The park is home to at least six ethnic groups on the island: the Batangas, Tagalog, Mangyan, Bisaya, Bicolano, and Ilocano. At least five (5) Mangyan groups, including 1) Bangon; 2) Buhid; 3) Hanunuo; 4) Tadyawan; and 5) TaoBuid, each with its own language, culture, and tradition. Moreover, the protected area shares boundaries with parts of the ancestral domains of the Taobuid, Buhid, and Bangon, with their unique and entwined cultures within MIBNP. These communities have nurtured a deep connection with the land for generations, their traditions and way of life entwined with the natural rhythms of the park.The Mangyans depend on the park for their subsistence, where they engage in traditional farming and hunting for food. There are also areas of grasslands turned into pastures, as well as areas of slash-and-burn "kaingin" agriculture.

== Biological Features ==
The park's vegetation consists primarily of grasslands, lowland Dipterocarp forests, and montane rainforests on the higher slopes.
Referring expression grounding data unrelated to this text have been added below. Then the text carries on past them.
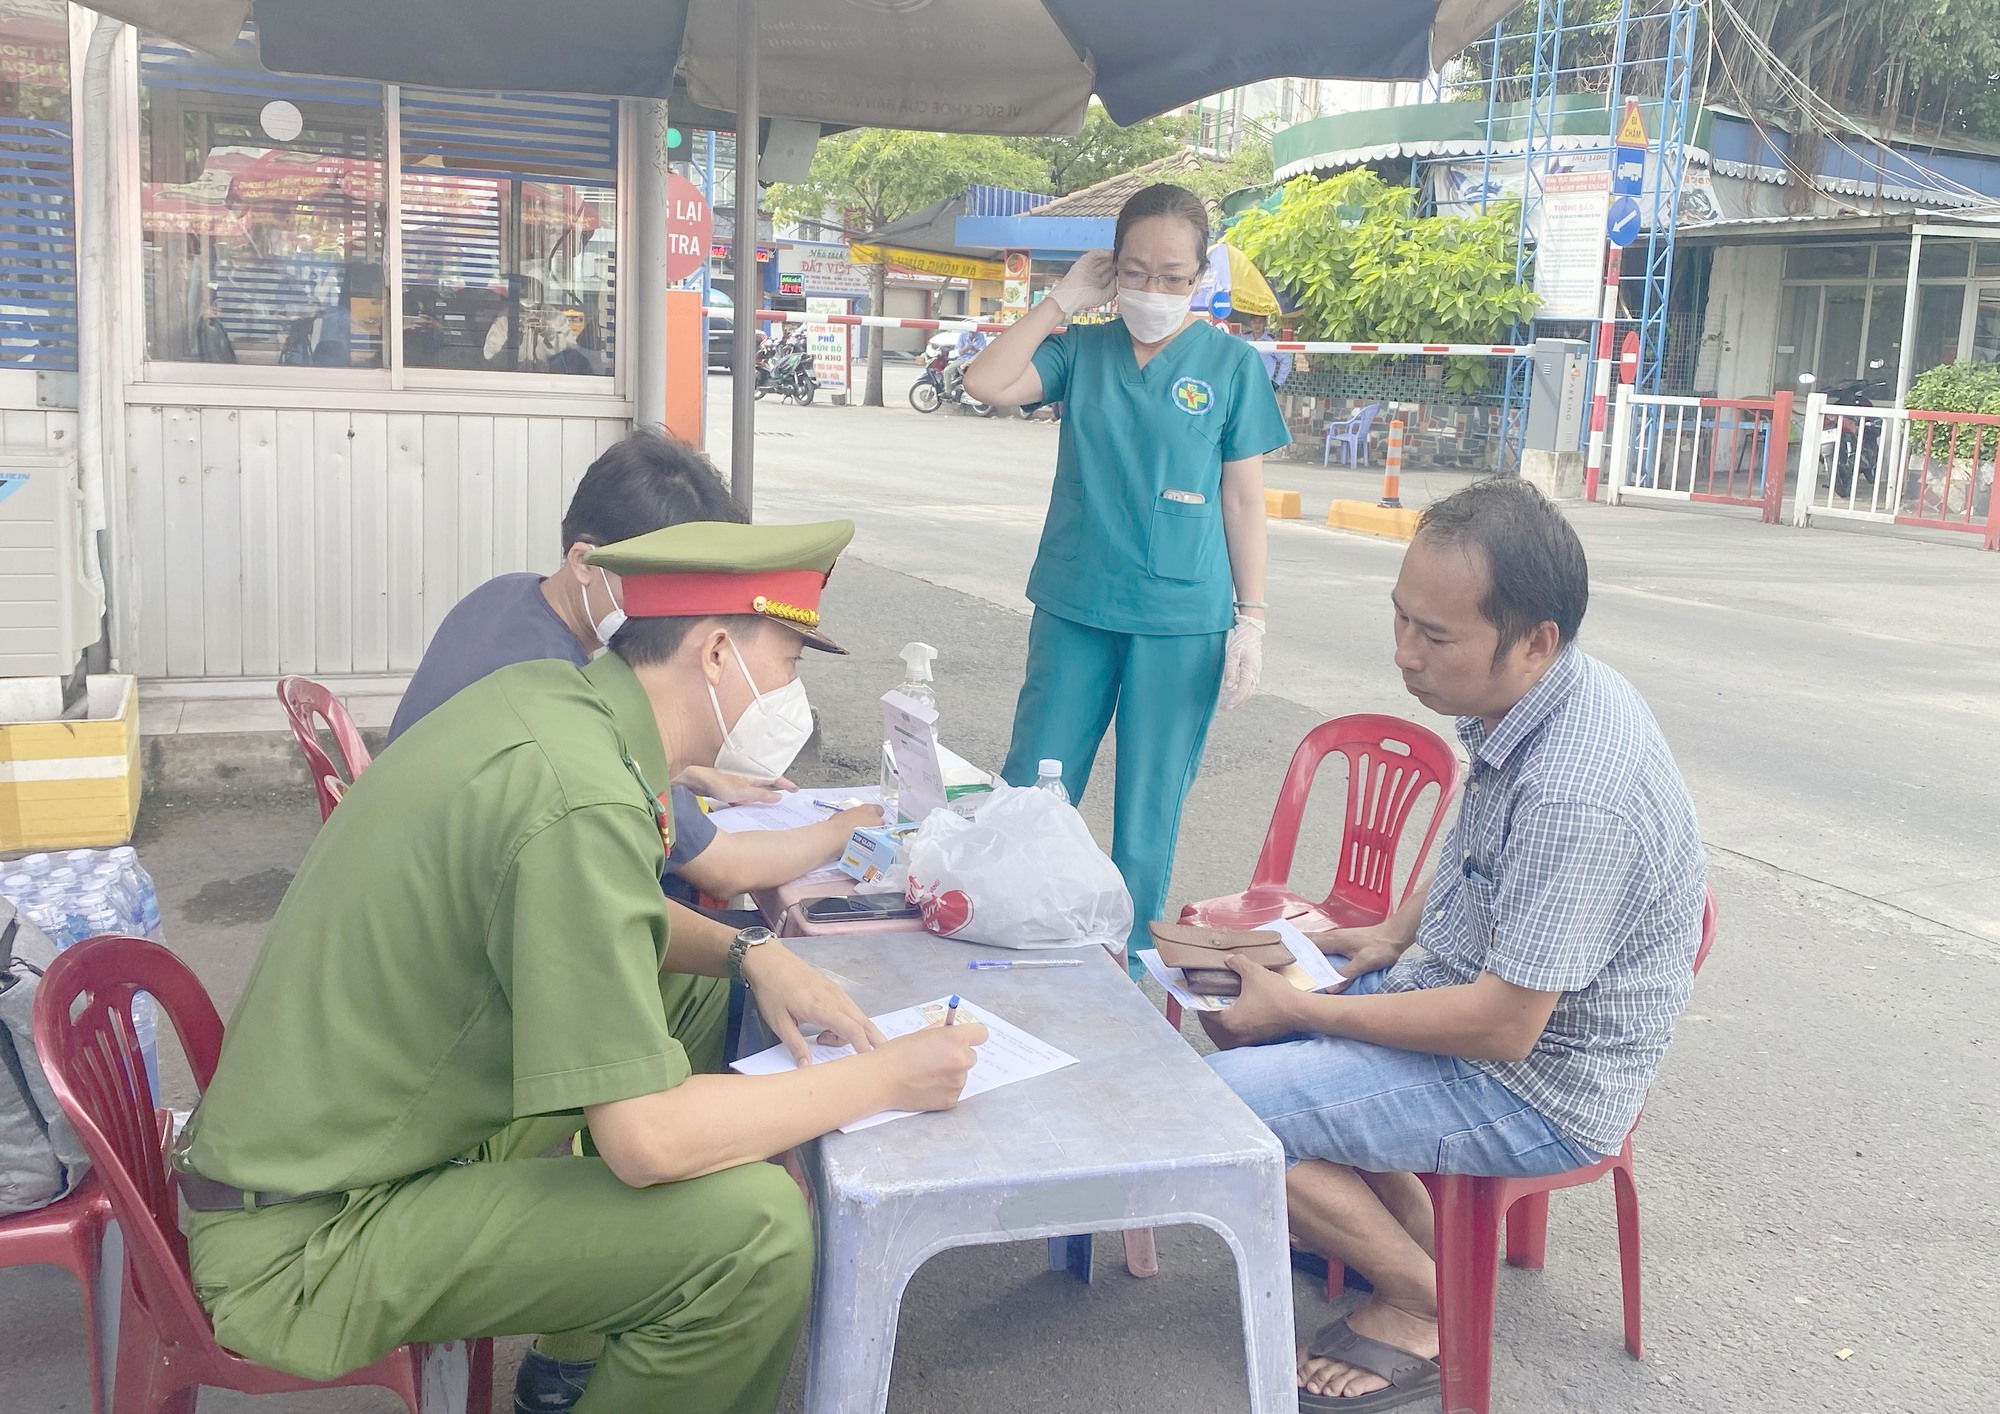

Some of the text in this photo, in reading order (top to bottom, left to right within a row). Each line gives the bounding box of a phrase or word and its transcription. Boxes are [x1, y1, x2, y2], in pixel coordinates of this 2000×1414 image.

[676, 199, 702, 226] LẠI
[668, 233, 700, 256] TRA
[818, 333, 835, 343] PHỞ
[825, 354, 842, 362] KHO
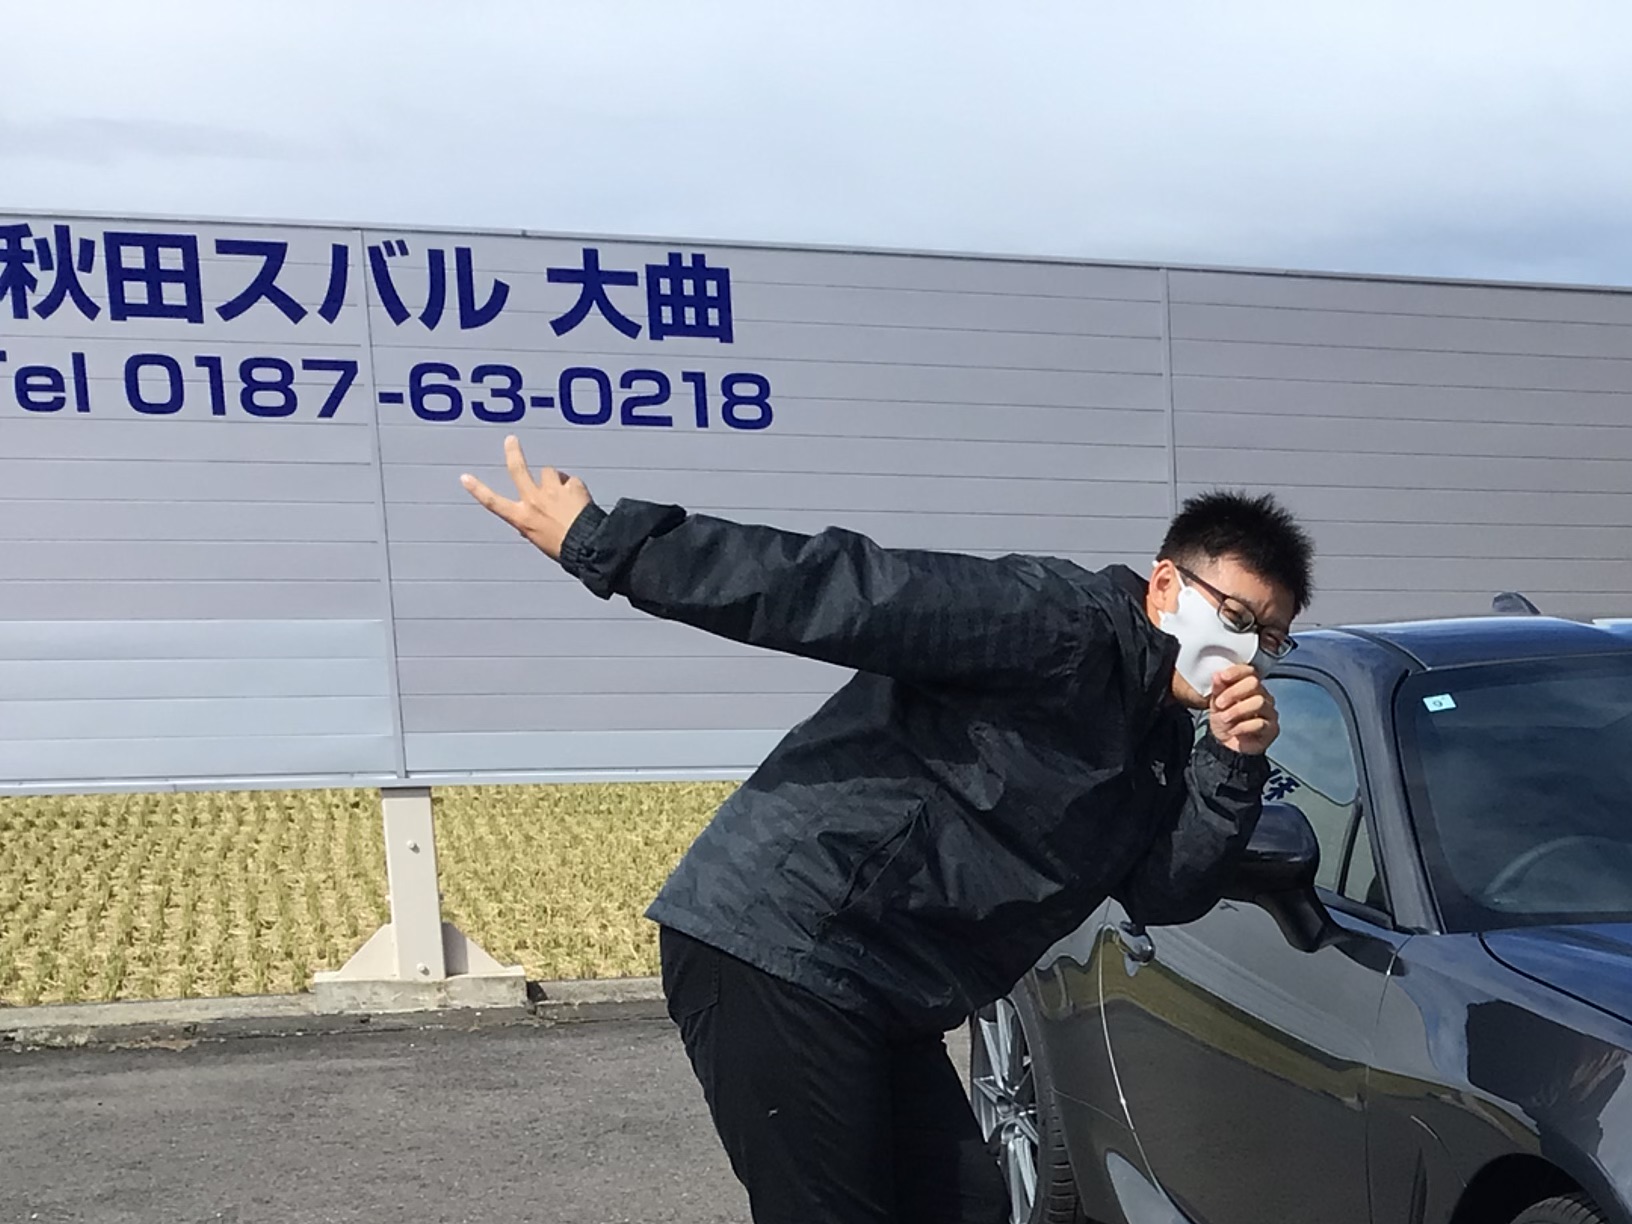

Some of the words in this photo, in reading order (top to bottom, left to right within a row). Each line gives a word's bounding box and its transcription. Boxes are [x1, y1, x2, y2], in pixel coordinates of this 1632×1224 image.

In the park's southern portion near the Lamintao River is a 367 ha block of Acacia forest. There is also an area of Agoho forest along the Anahawin River within the Mindoro Biodiversity Rescue and Conservation Center (MBRCC), formerly known as Tamaraw Gene Pool Farm, the birthplace of the Kalikasan Bagong Sibol also known as "Kali", the only tamaraw bred in captivity that survived to maturity. The rest of the lowland portions are open grasslands. The most extensive forests in the national park are in the remote northern portion in the area of Mount Baco.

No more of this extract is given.